Sunday 29 June 2008

10th sunday in ordinary time 8 June 2008

Homily for Tenth Sunday in Ordinary Time 8 June 2008
Today’s Gospel passage, the calling of Matthew, always reminds me of that great painting of this scene that was done by Caravaggio and is to be found in the French church of St Louis in Rome. There is Matthew, absorbed in his dirty tricks, busy with his collecting of taxes for the occupying forces, and there in the doorway stands Jesus, just fixing him with a look and pointing to him- “I want that man!” he seems to be saying, and Matthew has his hand on his heart and is looking up in amazement- “who, me?”
We do not know what had led Matthew to become such a traitor to his own people, to throw in his lot so completely with the hated Romans, to become one of those publicans, those tax collectors, that were looked on by the Jew in the street with such contempt and who were treated as such total outsiders that the critics of Our Lord as here always held it against him that he even considered mixing with them, with “tax collectors and sinners”. We only know that Our Lord saw him one day, up to his eyes in all his nefarious practices, and saw through all the rubbish in Matthew’s life to the real man within, and chose him for his own. Our Lord’s penetrating gaze fell upon him, and pierced through all the dross to the essential Matthew hidden within, and saw in that moment all the potential for goodness that lay submerged in him. Heaven knows, we too have done a few deals with the enemy in our time, we too make shameful compromises of one sort or another as we muddle our way through life, we too let the side down and fail to be true to our own people, that is, to the Christianity that we profess and to the Church that we identify with. And yet, Our Lord is gazing on each one of us with that long look of knowledge and love, Our Lord has a desire for each one of us, and he sees into our hearts and sees our potential, the person we could be if we would. Who me? Yes, says Jesus, You.
What a relief that is for us! We are not, whatever we have done, whoever we are, whatever we have become, we are going to be ostracised by God. In fact, as the Holy Father pointed out only recently at Corpus Christi, the whole idea that some people are the in crowd and others the outsiders is foreign to Christianity, the idea that some Christians are front rank and the rest no good, that the ones in the know are OK, in some sort of special clique, while everyone else is just an also-ran of no consequence, goes against the heart of our Catholic Faith, for the very word “catholic” means universal, embracing everyone.. Pope Benedict quoted St Paul in his Letter to the Galatians “There is neither Jew nor Greek, there is neither slave nor free, there is neither male nor female; for you are all one in Christ Jesus” and went on to say “In these words the truth and power of the Christian revolution is heard, the most profound revolution of human history….here people of different age groups, sex, social background and political ideas gather together in the Lord’s presence”. He reminds us that the eucharist is the great example of all this- “a public event that has nothing esoteric or exclusive about it” he says, where “we open ourselves to one another to become one in him”. And the Holy Father reminds us that “it is always necessary to be alert to ensure that the recurring temptations of particularism, even if with good intentions, do not go in the opposite direction”.

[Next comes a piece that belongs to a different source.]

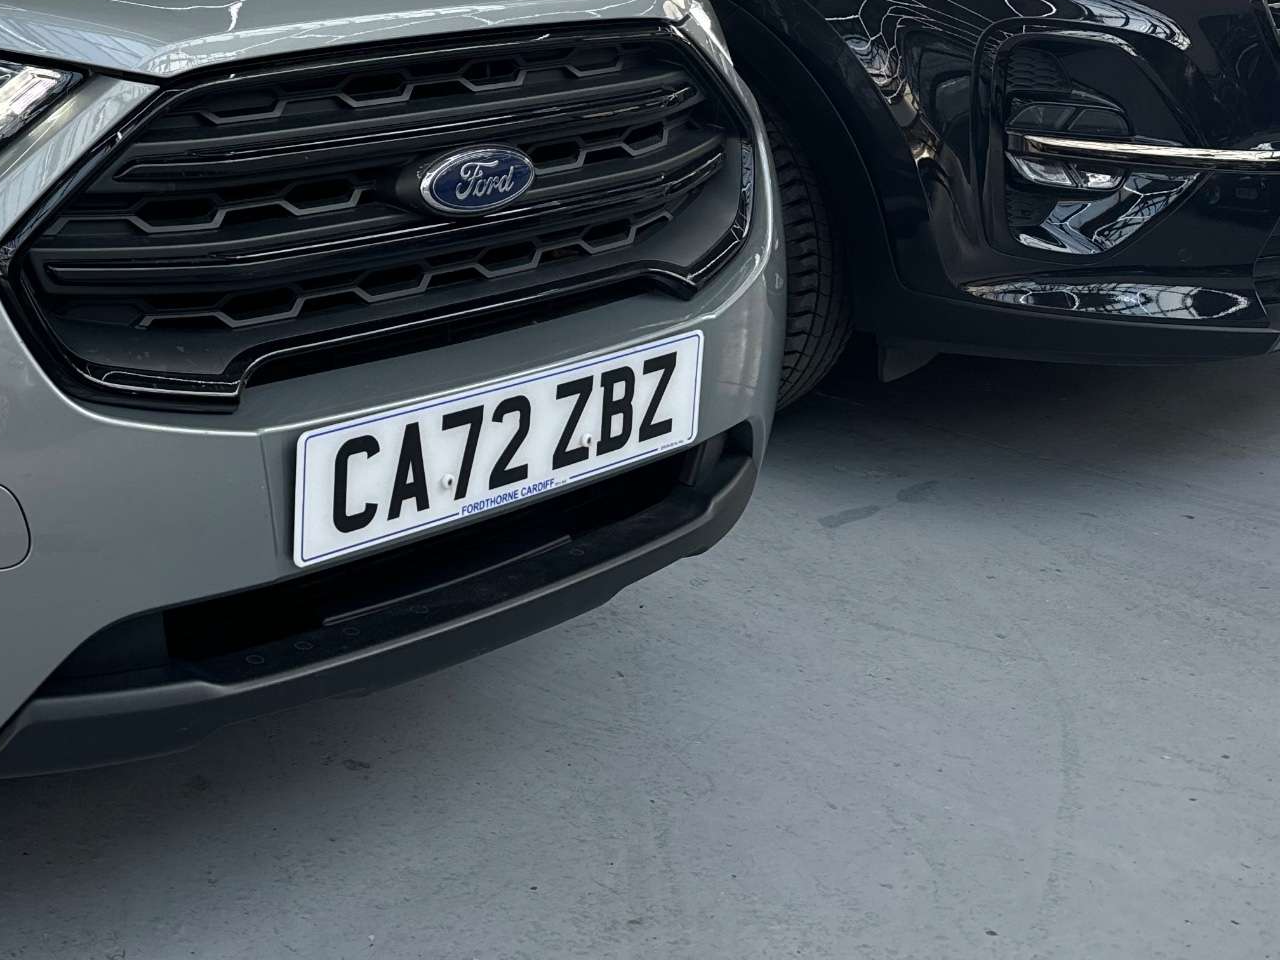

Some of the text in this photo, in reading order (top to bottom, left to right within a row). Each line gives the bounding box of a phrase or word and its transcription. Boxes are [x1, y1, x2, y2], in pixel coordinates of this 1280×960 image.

[455, 159, 516, 200] Ford
[331, 351, 678, 534] CA72 ZBZ
[461, 478, 555, 515] FORDTHORNE CARDIFF

What he means by that, I suggest, is that we have always to be on our guard against becoming like those Pharisees! Not just in becoming more and more obsessed with the detail and the minutiae of our religious observances but in drawing up boundaries of the us and them variety, that is so deeply engrained in our human nature. In Christ, as St Paul reminds us, there can be no us and them- we are all one. There must be no boundaries made by us as to who is a good Catholic, a good Christian, and who is a bad, who is in and who is out. Fr Faber back in the mid 19th century wrote that hymn we never seem to hear nowadays that began “There’s a wideness in God’s mercy like the wideness of the sea”. God is, as we heard in our Old Testament reading today , a God who can say “What I want is love not sacrifice” , which Jesus renders as “what I want is mercy, not sacrifice”. It is that mercy, that unconditional ever-forgiving love, that we are relying on for ourselves, and we must make certain that we do not, for all our petty human reasons and prejudices, withhold or limit it in our dealings with our fellow human beings. Let there be no boundaries put down by us to the love of God, which it is our job to be showing to the world. We are the followers of the one who said “Indeed, I did not come to call the virtuous, but sinners” and like those first hearers of this Gospel passage, it is to us that Our Lord is saying “Go and learn the meaning of the words!”

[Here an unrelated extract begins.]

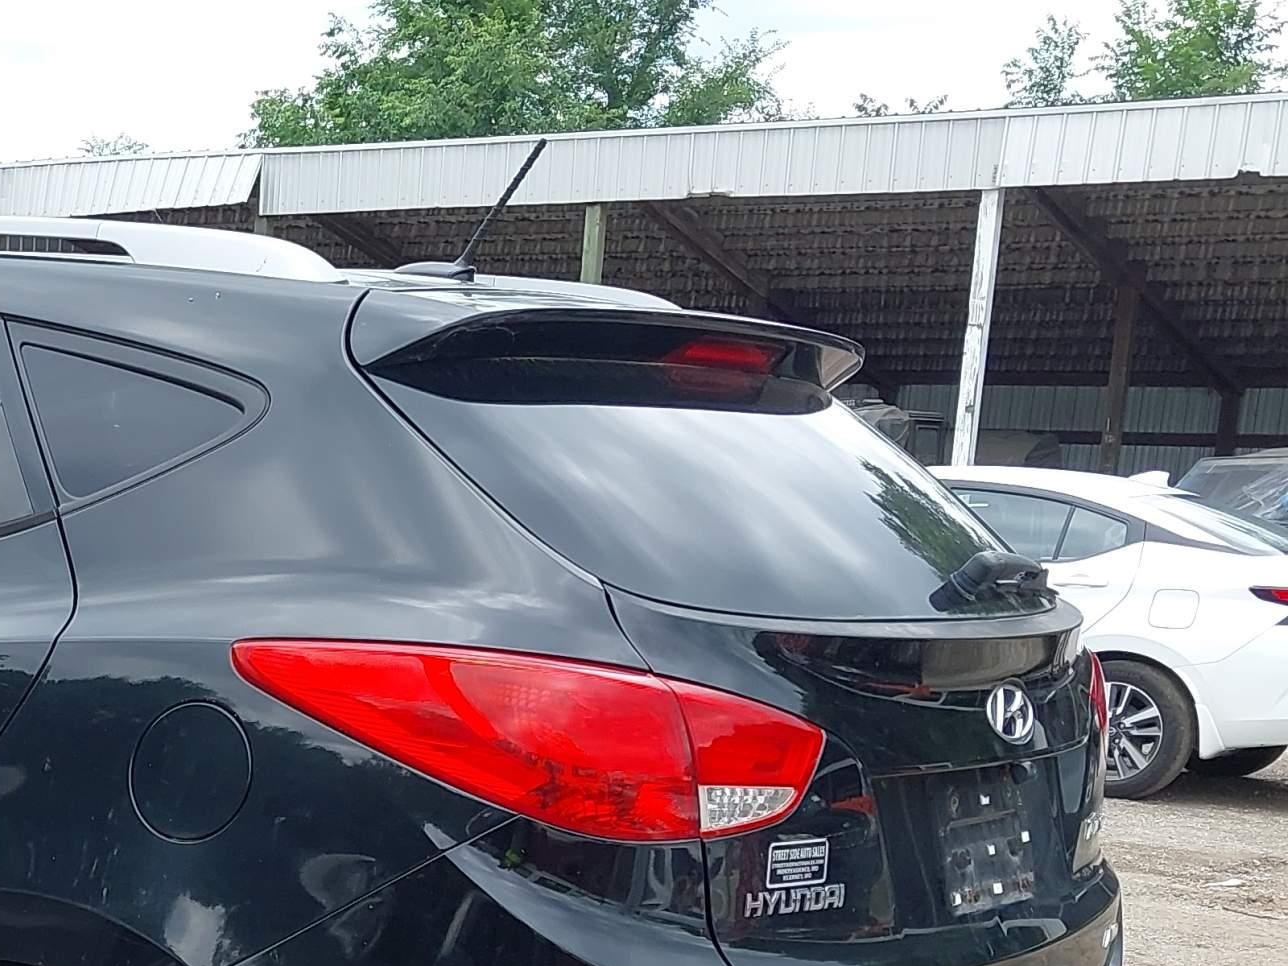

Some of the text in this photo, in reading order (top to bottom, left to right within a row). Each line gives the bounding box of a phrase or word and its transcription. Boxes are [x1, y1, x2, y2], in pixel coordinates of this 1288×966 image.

[772, 849, 789, 862] STREET
[811, 845, 825, 858] SALES
[744, 883, 845, 918] HYUNDAI

I close with one of the alternative prayers appointed for today’s Mass: “Father in Heaven, words cannot measure the boundaries of love for those born to new life in Christ Jesus. Raise us beyond the limits this world imposes so that we may be free to love as Christ teaches.“ And may Saint Matthew, that outcast, that pariah whom Jesus looked on and loved, help us to understand the meaning of Our Lord’s words today, to appreciate the universality and the essential inclusiveness of our catholic faith, and make us people of mercy to all those we meet and live among, for we are those sinners who pray “Jesus, Lord, I ask for mercy, let me not implore in vain”. Amen.